# Ferret implants anyone????



## Rum_Kitty (Jun 14, 2009)

Had one of my lady ferts at the vet for a jill jabbing and he was discussing new research by a guy called Nico Schumacher about the rise in adrenal disease, which he thinks is not caused by early spaying but by actual spaying. The vets is offering a new treatment called a deslorelin implant which apparently prevents jills coming into heat for 2 years, and effectively "chemically castrates" hobs for the same amount of time. The guy I spoke to really seemed to know his stuff, its a big vet hospital and he seemed very current on the research. Problem is the research is limited to the one study although apparently it has been used in show dogs for a long time to keep them out of season until they are bred, so its not entirely new, I think I might have read it can be used to help adrenal disease too. This kinda sounds like a good alternative to a spay, which I was planning on doing this winter. Anyways, thought some ferty people might like to take a look and tell me what they think?
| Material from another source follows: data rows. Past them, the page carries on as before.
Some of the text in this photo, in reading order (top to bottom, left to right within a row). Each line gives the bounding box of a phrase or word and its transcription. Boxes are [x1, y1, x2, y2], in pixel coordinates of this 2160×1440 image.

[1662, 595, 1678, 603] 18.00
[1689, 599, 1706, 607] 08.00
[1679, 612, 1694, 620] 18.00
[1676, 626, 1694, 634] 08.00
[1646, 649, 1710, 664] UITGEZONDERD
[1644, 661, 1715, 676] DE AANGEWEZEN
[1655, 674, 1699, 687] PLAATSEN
Nico Johannes Schoemaker: Hyperadrenocorticism in ferrets

It is a LOT of reading that I cant actually be bothered to do right now but I'm going to get stuck into it this weekend on my weekend off...where most people would be going out drinking or shopping or to the cinema, I am reading on the latest way to castrate my ferrets...god I am sad! :lol2:


----------



## snoopyfrench87 (Apr 27, 2009)

Thanks for the link! i have heard about this too so will be good to have a read! :2thumb:


----------



## LoveForLizards (Apr 20, 2008)

I don't think this is going to be an alternative to spaying, at least not for potentially the majority (ie. rescues) mainly because of the trust issue but also because of the money issue.


----------



## Rum_Kitty (Jun 14, 2009)

LoveForLizards said:


> I don't think this is going to be an alternative to spaying, at least not for potentially the majority (ie. rescues) mainly because of the trust issue but also because of the money issue.
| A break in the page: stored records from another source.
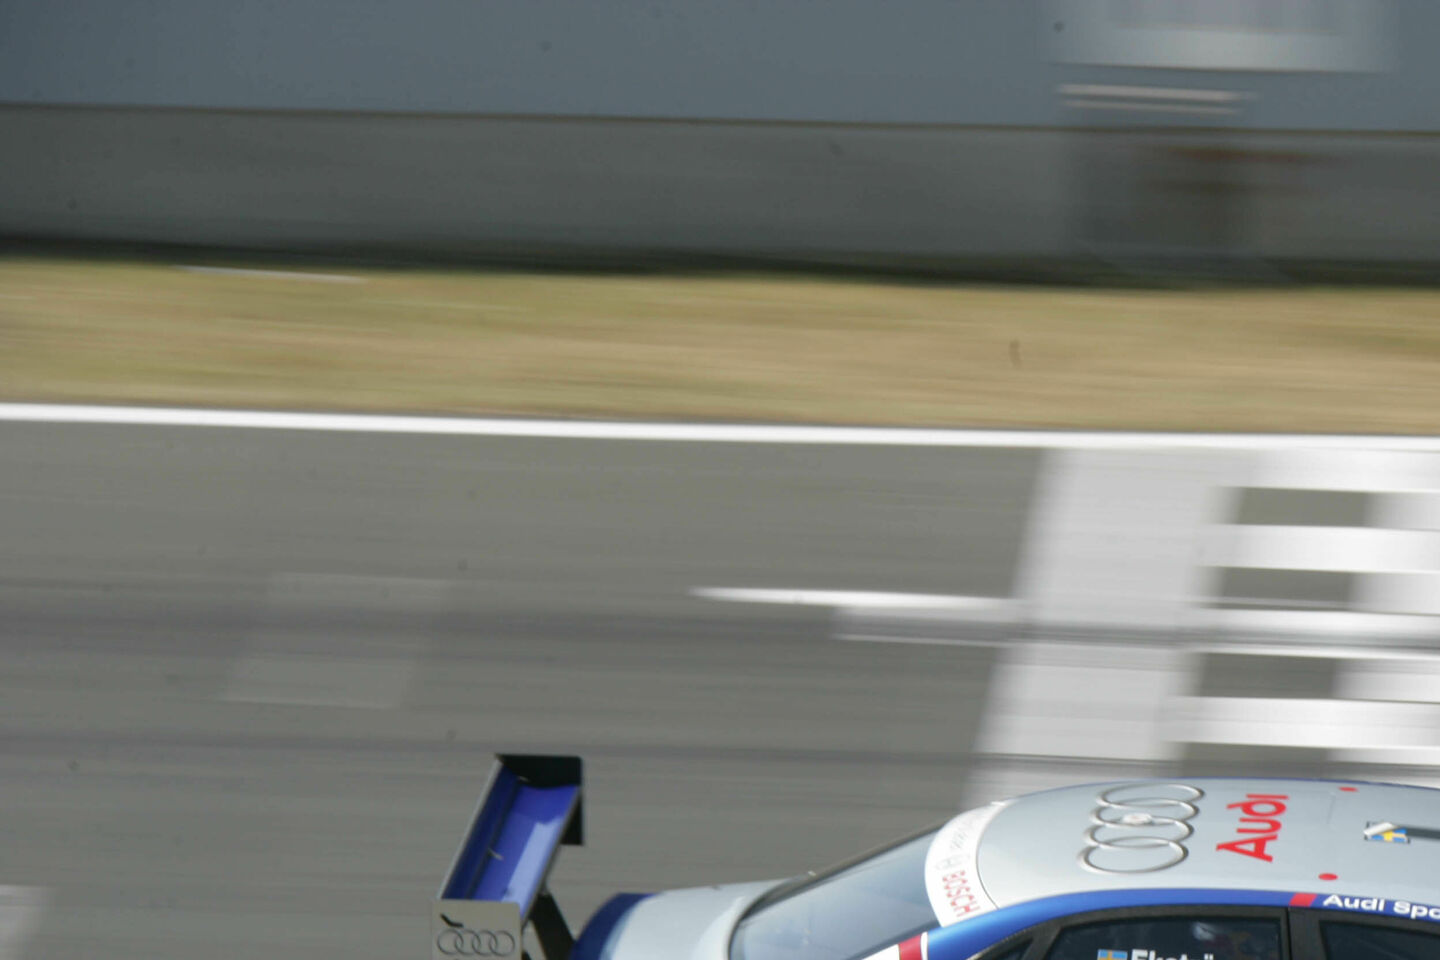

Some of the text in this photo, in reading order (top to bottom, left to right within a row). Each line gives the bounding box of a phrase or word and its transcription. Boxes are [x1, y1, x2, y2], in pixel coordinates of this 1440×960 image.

[1216, 793, 1289, 863] Audi
[942, 869, 981, 918] BOSCH
[1322, 894, 1385, 912] Audi
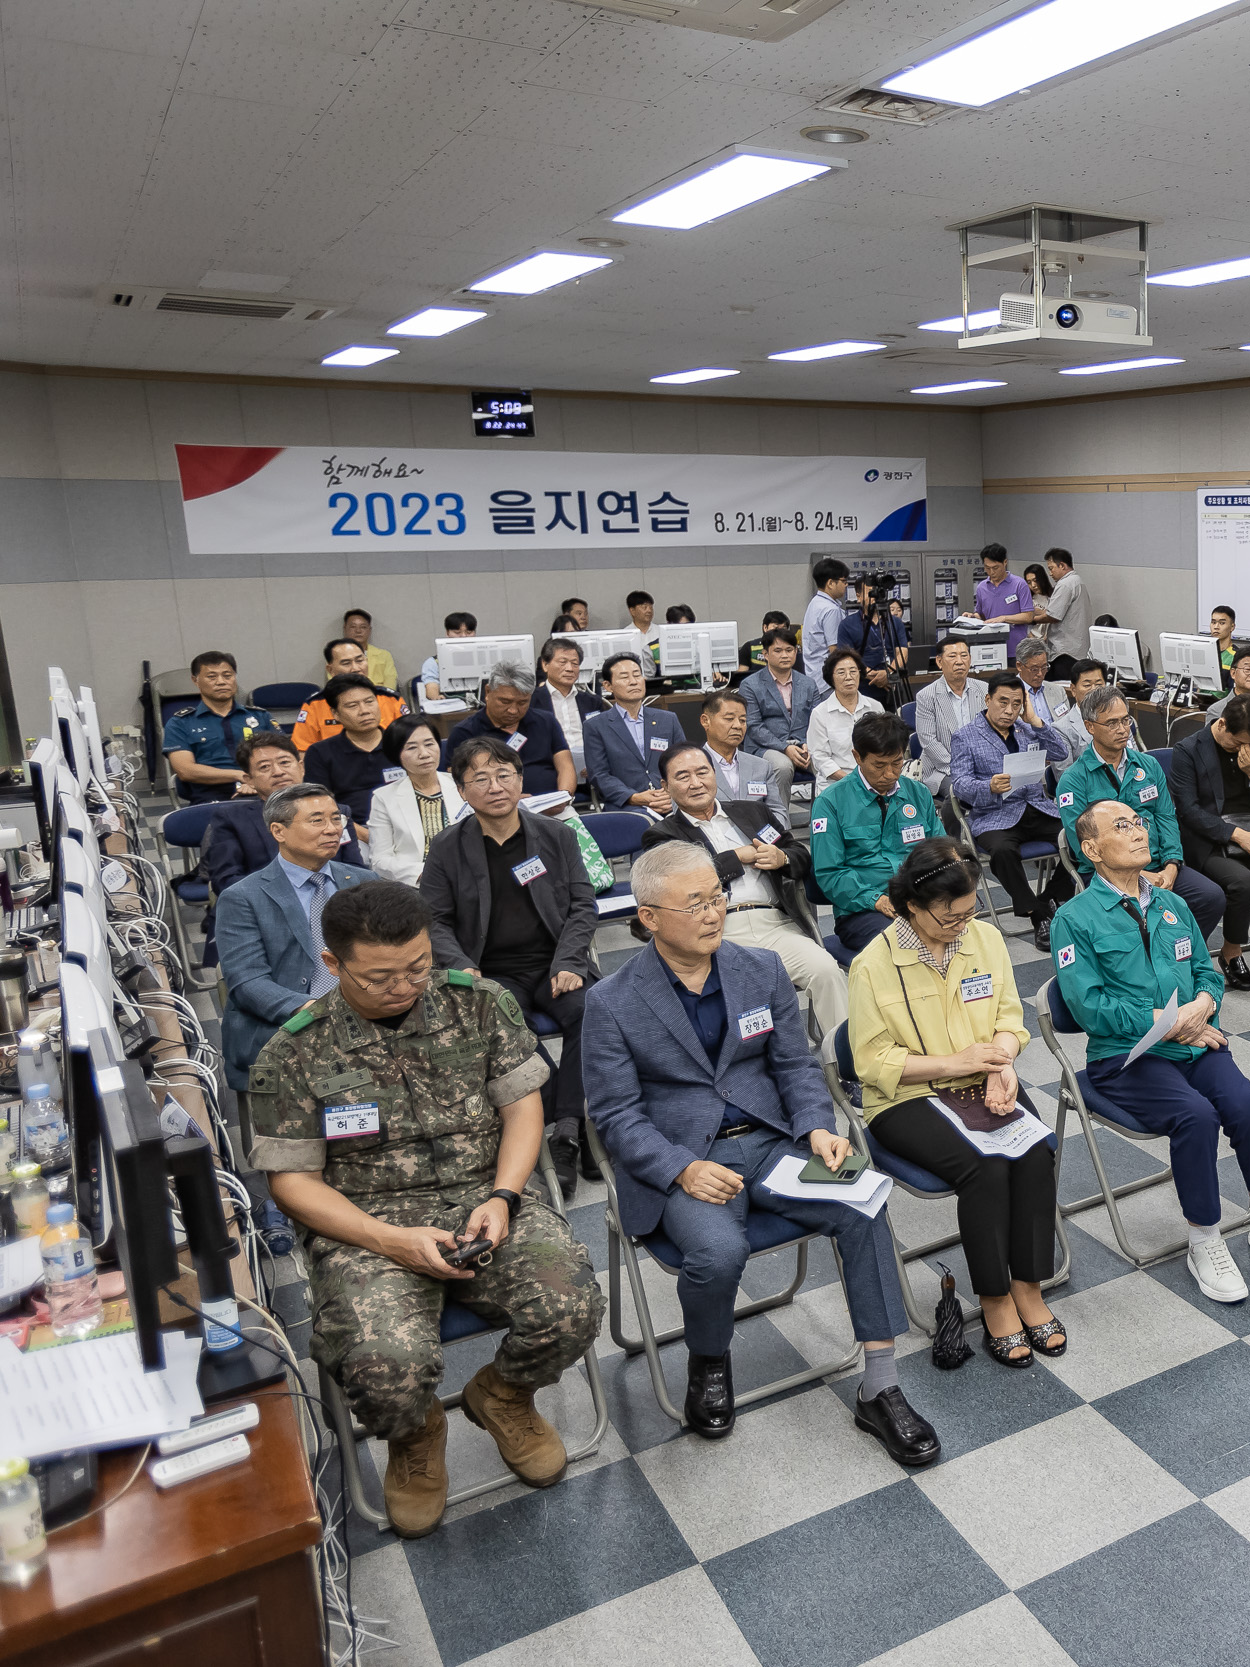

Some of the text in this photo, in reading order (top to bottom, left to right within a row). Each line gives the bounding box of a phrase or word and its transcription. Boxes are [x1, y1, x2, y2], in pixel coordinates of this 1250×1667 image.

[882, 470, 913, 481] 광진구
[328, 490, 690, 536] 2023 을지연습
[714, 512, 730, 532] 8.
[815, 511, 858, 531] 24.(목)
[337, 1118, 369, 1130] 허 준
Absolutely, he mentioned that too, saying it would never work for rescues, but on a private keeper basis I'm wondering if its worth doing. Certainly in the long run it would cost tonnes more money but I'm just trying to decide if its worth doing...you've got adrenal disease on the one side, yet on the other side you've got any complications that might result because of the new implant, which are unquantifiable at the mo. The vet was obviously v. for it and he's a new specialist thats come in so seems to know what he's doing, just tryin to work out if it would be any good for me ladeez! :lol2:


----------



## mattm (Jul 18, 2008)

All of the current research and evidence suggests that neutering & spaying is the main cause of Adrenal Disease...but unfortunately currently, as not many vets are offering the implant, the pros outweigh the cons.

I'd say go for it if it is being offered and the vet seems confident about it. I think in the future implant will be the way forward - probably not for rescues though, that want to prevent possible future breeding (and for good reason).


----------



## marie_k (Apr 21, 2006)

With regards to the rescue situation, desloreline implants can be used in conjunction with neutering not just instead of. In entire animals there is a constant cycle of stimulant hormones that are meant to cause sex hormone release from the ovaries/testes. Once the gonads respond then the signal is switched off until sex hormone levels drop again. After neutering the stimulant hormones are released but get no response and so there is no 'switching off' of their signal. Constant high levels lead to overstimulation of similar receptors on the adrenal glands and excess adrenal activity in response.
Implant use prevents the release of the stimulant hormones so stops sex hormone production but also prevents stimulation of the adrenal glands. This means if rescues want to guarantee no breeding and no risk of hyperoestrogenism in females they can still neuter the ferrets, but using an implant as well prevents the subsequent overactivity of the adrenals. The downside of the implants is that they are expensive, they only last around 18months so need repeating and they need a very large needle to place! We have implanted a large number of ferrets and not had any side effects when used as a preventative approach. There is the occasional ferret with active adrenal disease that will show short-term deterioration and lethargy after the implant is placed for treatment as the already abnormal hormones go a bit haywire but they soon settle down and improve dramatically after the early phase.


----------